Saved entries:
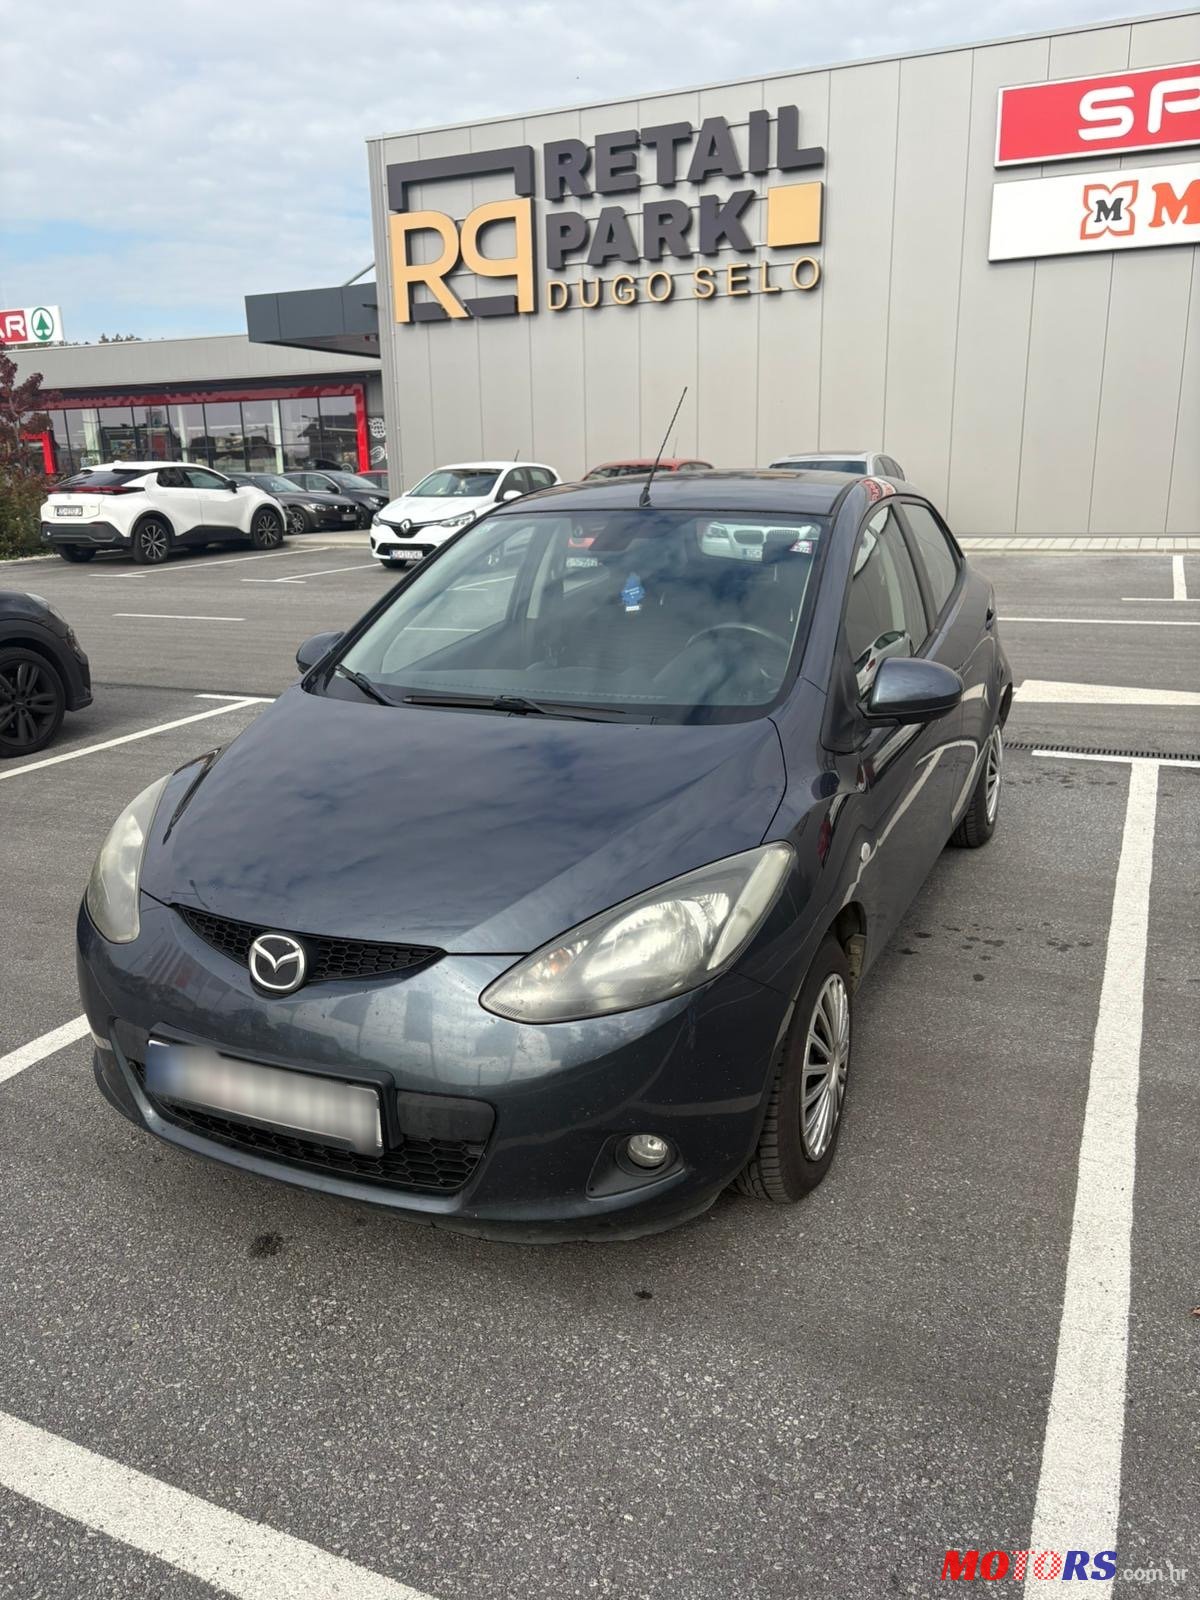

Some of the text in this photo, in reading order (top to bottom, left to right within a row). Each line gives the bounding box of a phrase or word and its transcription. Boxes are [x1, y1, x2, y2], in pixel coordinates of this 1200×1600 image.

[543, 104, 825, 201] RETAIL
[545, 189, 757, 270] PARK
[1094, 197, 1124, 223] M
[547, 256, 823, 311] DUGO SELO
[0, 314, 26, 339] R

Directions for this task:
The answer must be a word-for-word copy of all the entries, containing no pictures.

Solution to this task:
Some of the text in this photo, in reading order (top to bottom, left to right within a row). Each line gives the bounding box of a phrase or word and its transcription. Boxes are [x1, y1, x2, y2], in pixel coordinates of this 1200×1600 image.

[543, 104, 825, 201] RETAIL
[545, 189, 757, 270] PARK
[1094, 197, 1124, 223] M
[547, 256, 823, 311] DUGO SELO
[0, 314, 26, 339] R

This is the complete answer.